**DATA UNDER STUDY**
□ □ □ □
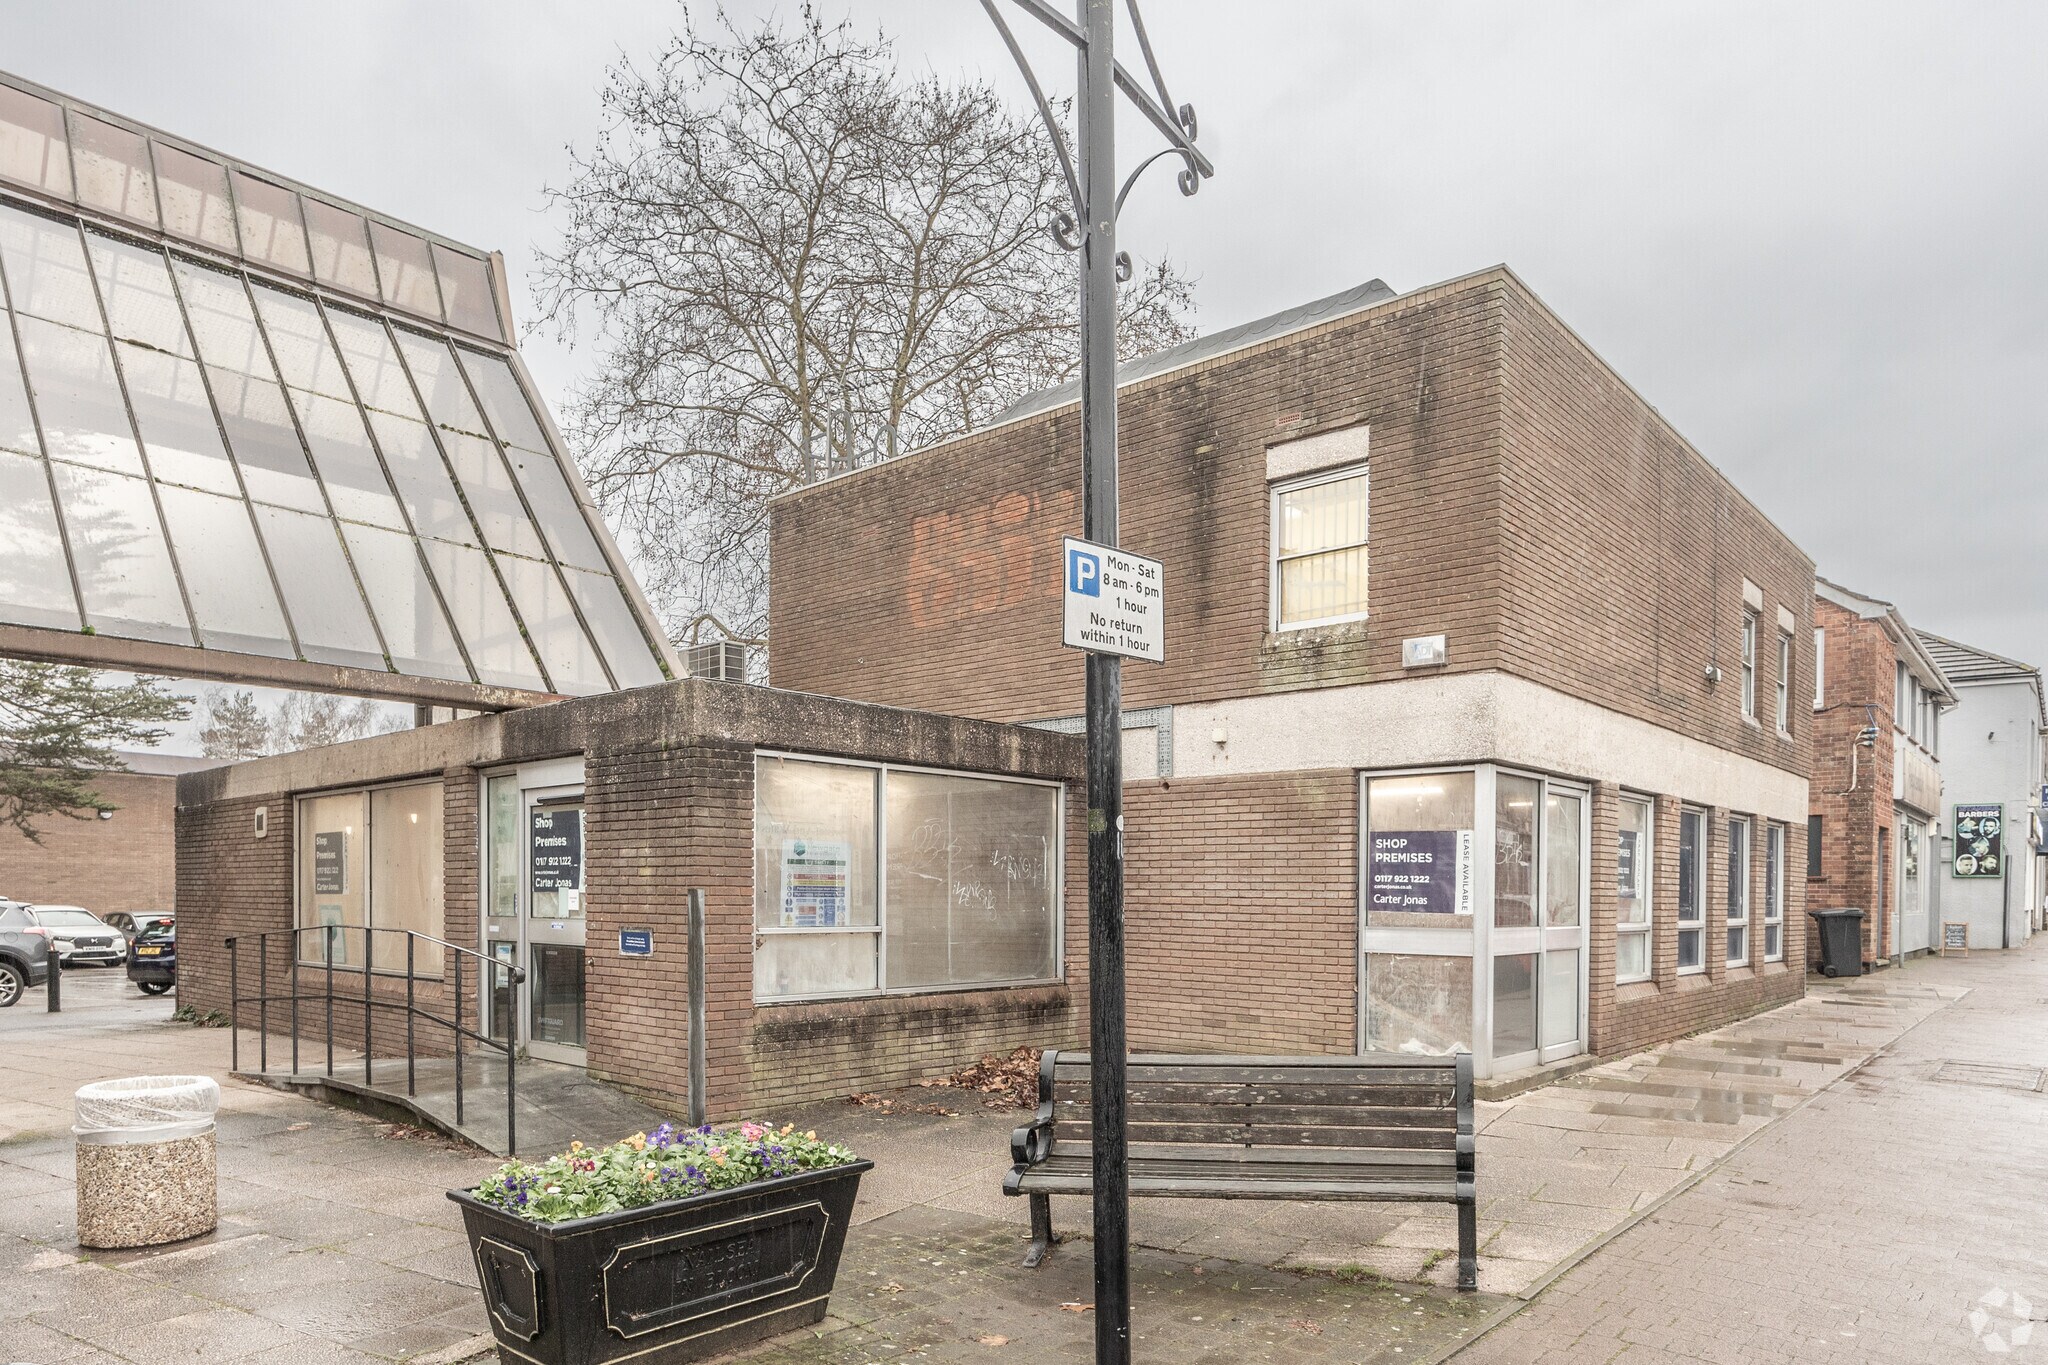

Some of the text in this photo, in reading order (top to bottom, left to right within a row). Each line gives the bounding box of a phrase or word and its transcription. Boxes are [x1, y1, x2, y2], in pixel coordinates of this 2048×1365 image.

[1077, 556, 1096, 589] P
[1107, 555, 1130, 573] Mon
[1138, 564, 1155, 579] Sat
[1117, 597, 1147, 615] 1 hour
[1090, 612, 1143, 634] No return
[1081, 629, 1150, 652] within 1 hour
[535, 817, 553, 829] Shop
[535, 836, 567, 847] Premises
[1375, 838, 1408, 849] SHOP
[1375, 853, 1433, 863] PREMISES
[535, 878, 572, 888] Carter Jonas
[1394, 875, 1409, 883] 922
[1410, 875, 1430, 883] 1222
[1461, 864, 1469, 911] AVAILABLE
[1374, 893, 1428, 906] Carter Jonas
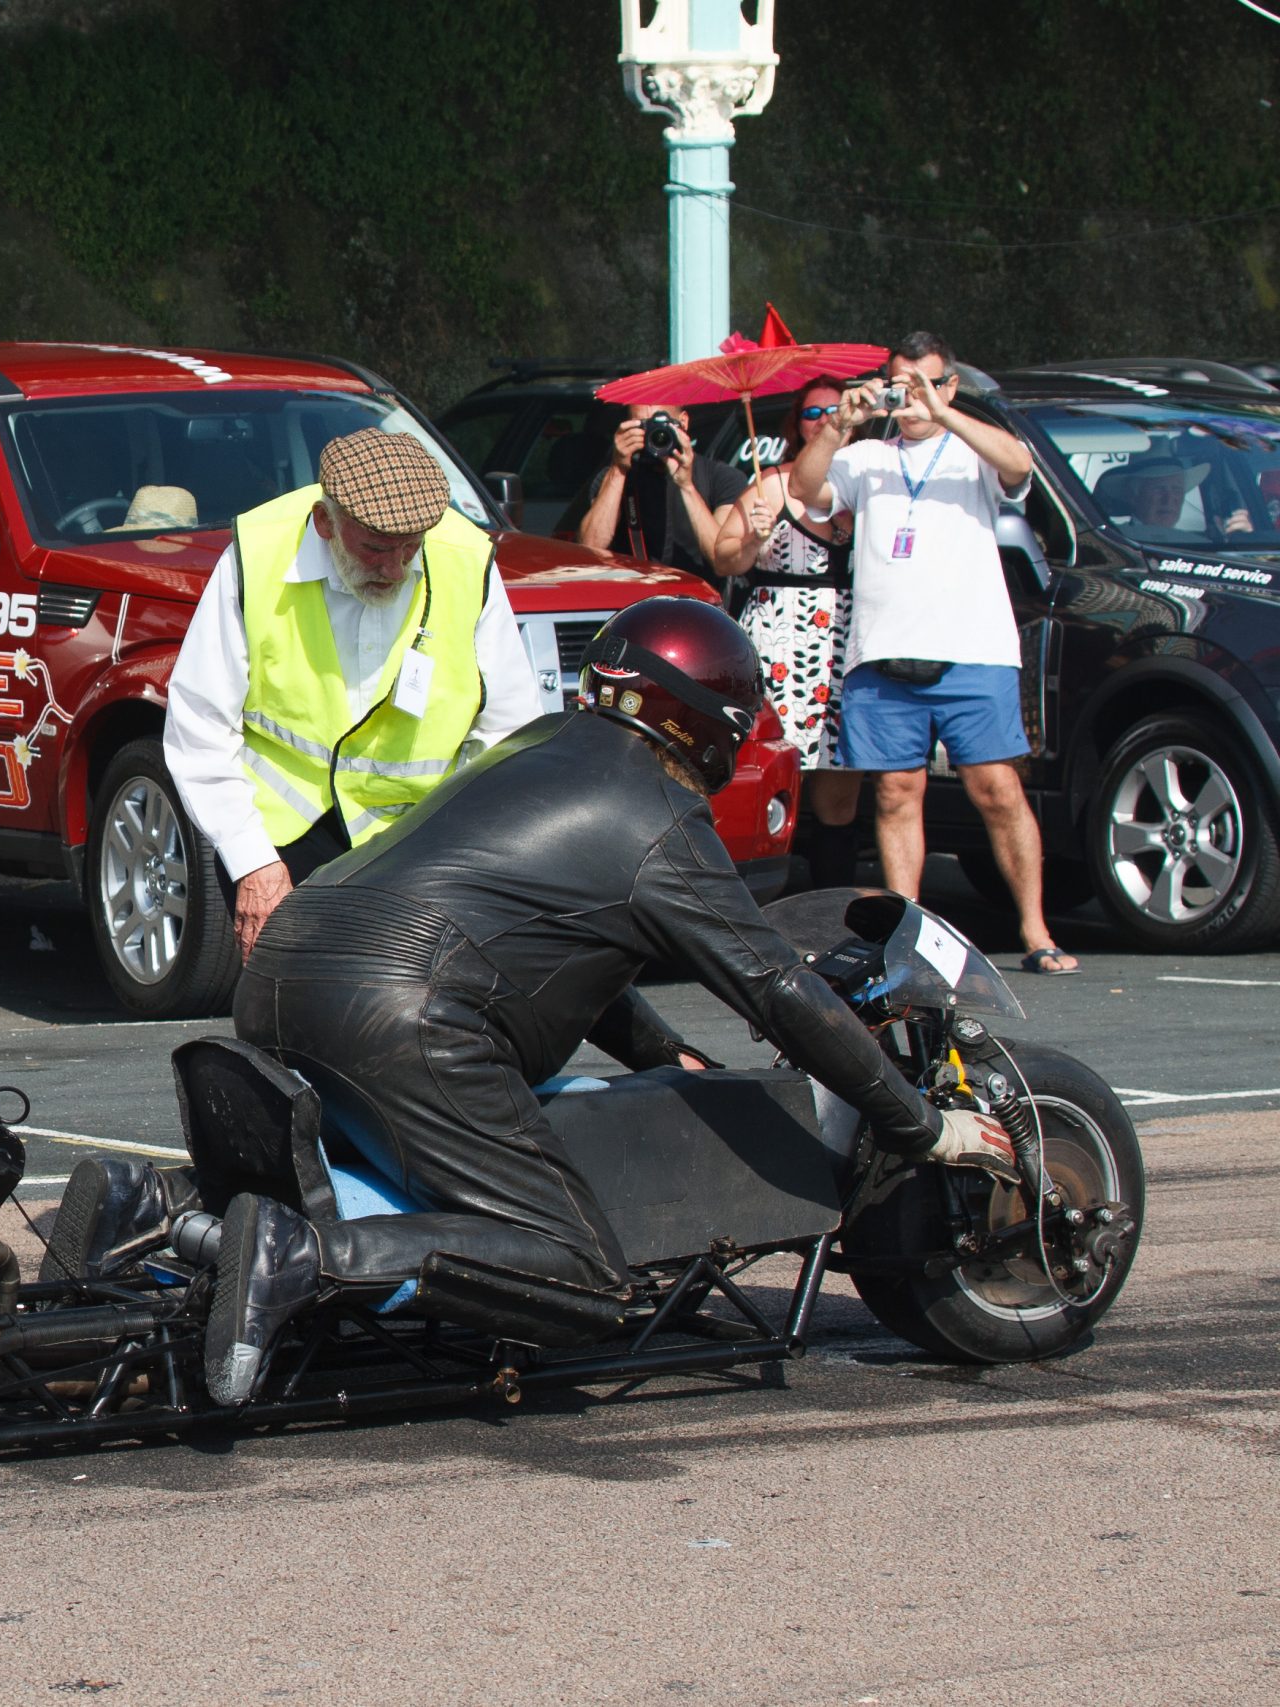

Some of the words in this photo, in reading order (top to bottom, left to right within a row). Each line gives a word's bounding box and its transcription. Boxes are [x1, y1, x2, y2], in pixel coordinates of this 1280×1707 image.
□ □ □ □
**WHAT NEEDS TO BE DONE**
Each entry above must come back exactly as written. Drop the images.

**EXERCISE RESULT**
Some of the text in this photo, in reading order (top to bottom, left to right within a row). Each line gives the bounding box of a phrase or word and its transcription. Boxes are [x1, y1, x2, y2], in pixel coordinates of this 2048×1365 image.

[1077, 556, 1096, 589] P
[1107, 555, 1130, 573] Mon
[1138, 564, 1155, 579] Sat
[1117, 597, 1147, 615] 1 hour
[1090, 612, 1143, 634] No return
[1081, 629, 1150, 652] within 1 hour
[535, 817, 553, 829] Shop
[535, 836, 567, 847] Premises
[1375, 838, 1408, 849] SHOP
[1375, 853, 1433, 863] PREMISES
[535, 878, 572, 888] Carter Jonas
[1394, 875, 1409, 883] 922
[1410, 875, 1430, 883] 1222
[1461, 864, 1469, 911] AVAILABLE
[1374, 893, 1428, 906] Carter Jonas

Some of the words in this photo, in reading order (top to bottom, left to right within a row). Each line gives a word's bounding box and its transcription. Boxes are [x1, y1, x2, y2], in pixel coordinates of this 1280×1707 image.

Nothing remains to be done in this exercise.